A Medida Provisória (MP) nº 927, publicada em março deste ano pelo governo de Jair Bolsonaro (ex-PSL) perdeu o prazo de validade no último domingo (19), ao não ser votada no Congresso Nacional.  Com isso, pontos da Consolidação das Leis do Trabalho (CLT) voltaram a valer, gerando muitas dúvidas, principalmente sobre o trabalho remoto, o chamado de  teletrabalho ou home office.  Veja abaixo o que mudou.

Muitas empresas estão se aproveitando da desinformação e utilizando a linguagem jurídica, o popular “juridiquês”, para pedir aos trabalhadores e as trabalhadoras que voltem à atividade presencial. Mas, é importante ressaltar que o fim da MP 927 não interfere no Estado de Calamidade devido a pandemia, e com isso o teletrabalho pode ser mantido. O que mudou, é que agora é preciso concordância das partes e a formalização deste tipo de trabalho, como prevê a CLT, afirma o advogado e sócio da LBS Advogados, Fernando José Hirsch.

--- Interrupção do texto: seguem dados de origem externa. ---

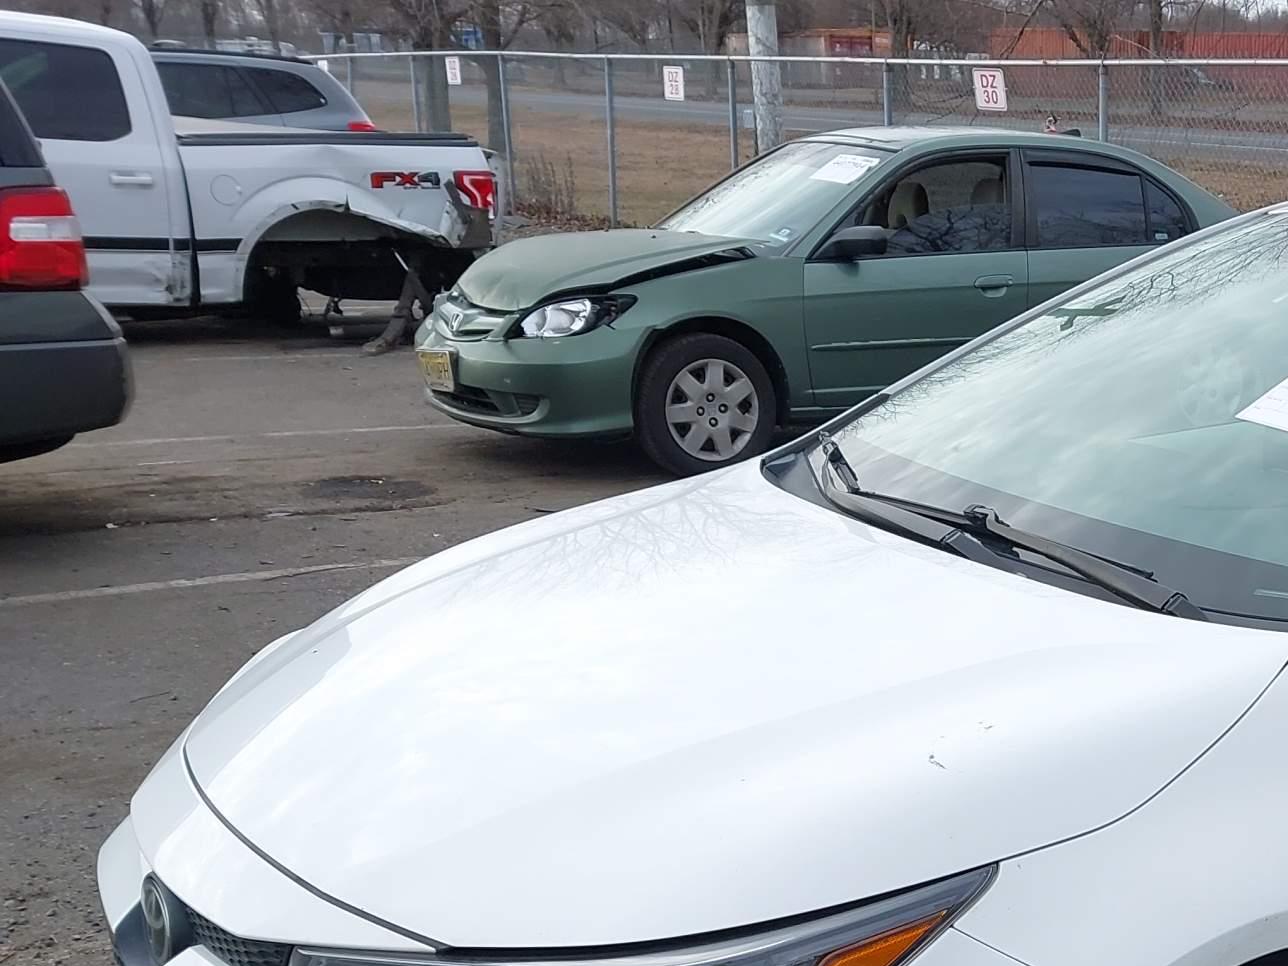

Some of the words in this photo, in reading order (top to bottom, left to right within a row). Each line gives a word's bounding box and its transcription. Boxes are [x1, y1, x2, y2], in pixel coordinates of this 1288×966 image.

[667, 71, 679, 83] DZ
[980, 74, 998, 88] DZ
[983, 90, 999, 104] 30
[370, 171, 441, 189] FX4
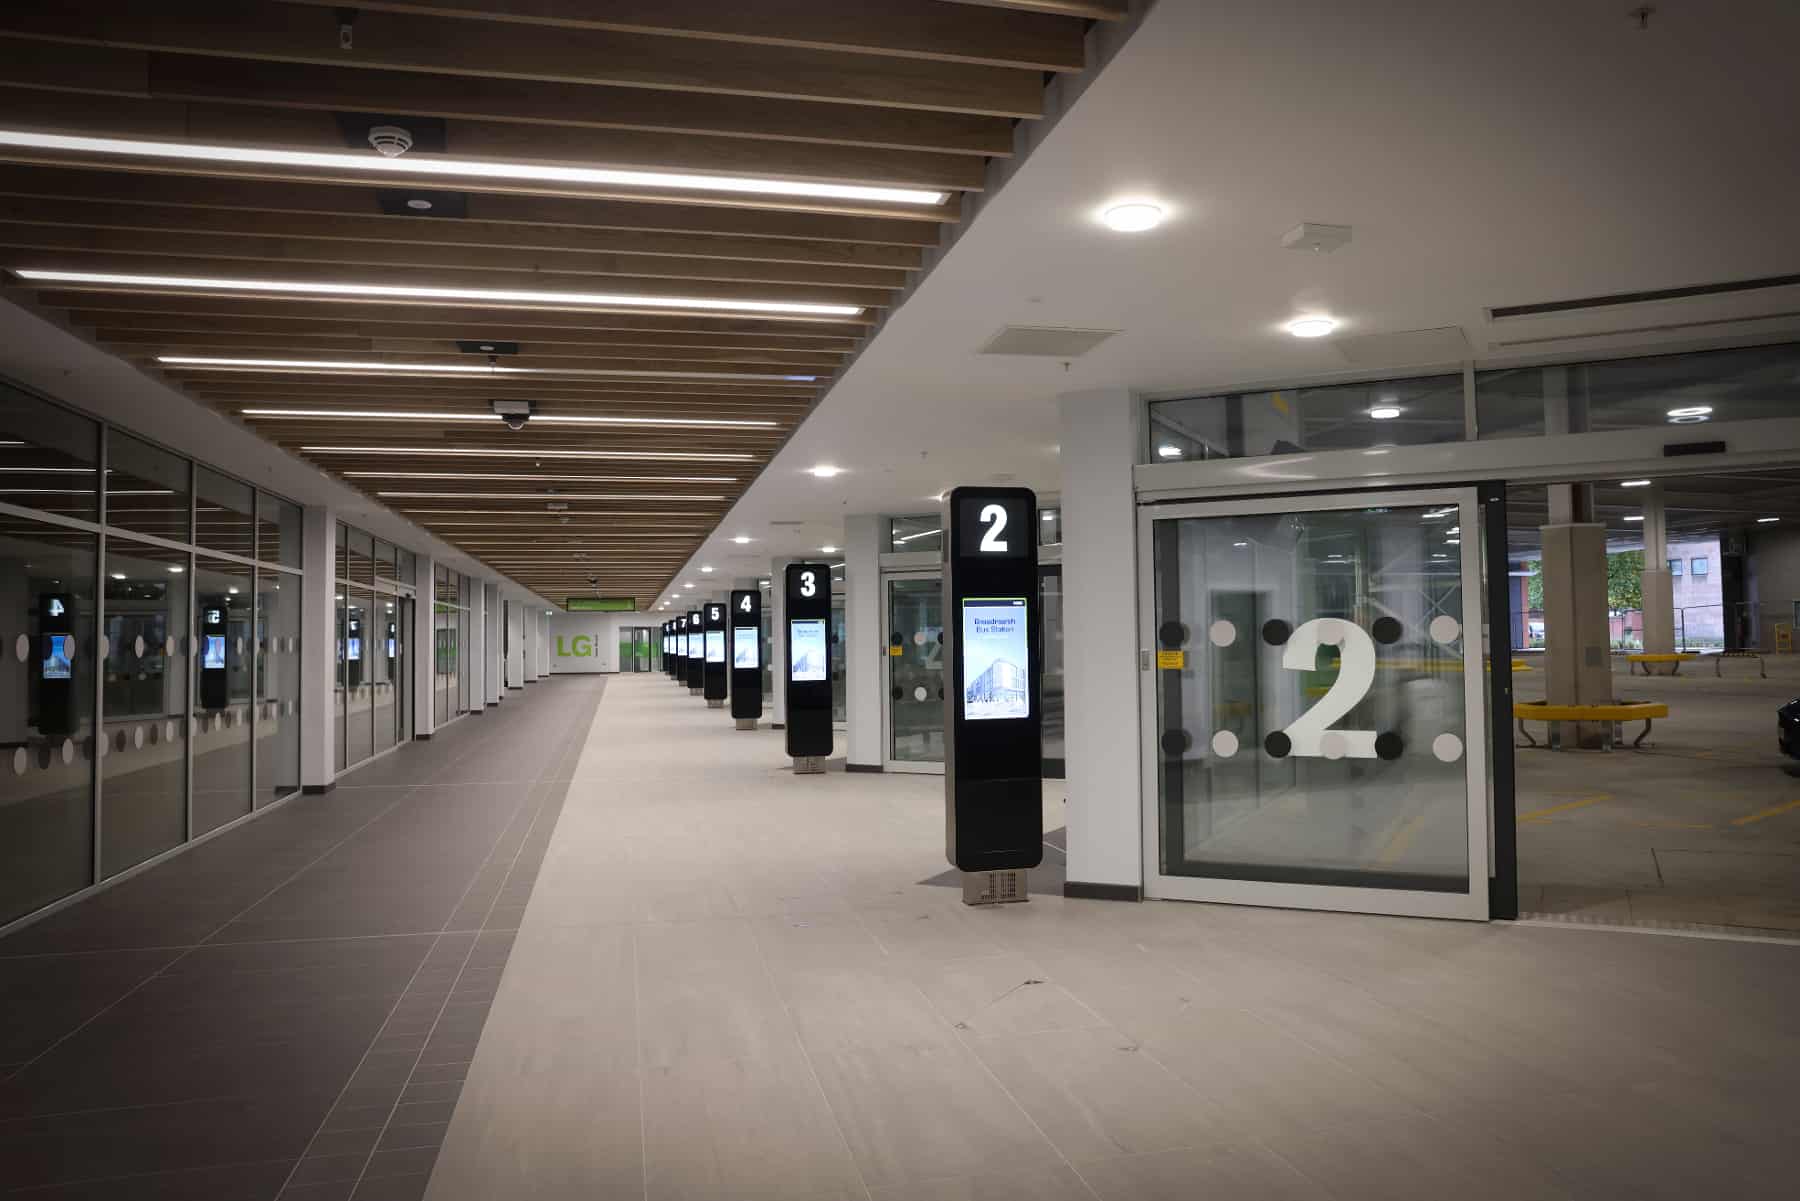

“Com a não votação da MP 927 ela deixa de existir no mundo jurídico, mas tudo que ocorreu nesses 120 dias terão validade. No entanto, agora a empresa não poderá mais antecipar novas férias, realizar banco de horas negativo tão amplo, oferecer home office [teletrabalho] sem documento escrito e ainda precisa voltar a recolher o FGTS normalmente”, explica Hirsch.

Segundo o secretário de Assuntos Jurídicos da CUT, Valeir Ertle, o teletrabalho foi legalizado na reforma Trabalhista, mas é preciso que os sindicatos negociem as condições, que muitas vezes estão insalubres e desumanas.

“O problema é que há muitas empresas se aproveitando descaradamente e tirando o ‘couro dos trabalhadores’. Por isso, é importante que as pessoas procurem os sindicatos, que têm formas de atuação e podem fazer acordo para continuar com o teletrabalho. O sindicato tem papel fundamental de garantir as condições decentes de trabalho, como o cumprimento da jornada e a responsabilidade da empresa pela estrutura de trabalho adequada do home office”, ressalta Valeir.

Sobre a questão da formalização do home office, o procurador e Secretário de Relações Institucionais do Ministério Público do Trabalho (MPT), Márcio Amazonas, diz que se for do interesse do trabalhador e do empregador, o acordo pode ser individual entre trabalhador e empresa, porque parte do pressuposto que é bom para a empresa, mas os sindicatos podem atuar para melhorar as condições.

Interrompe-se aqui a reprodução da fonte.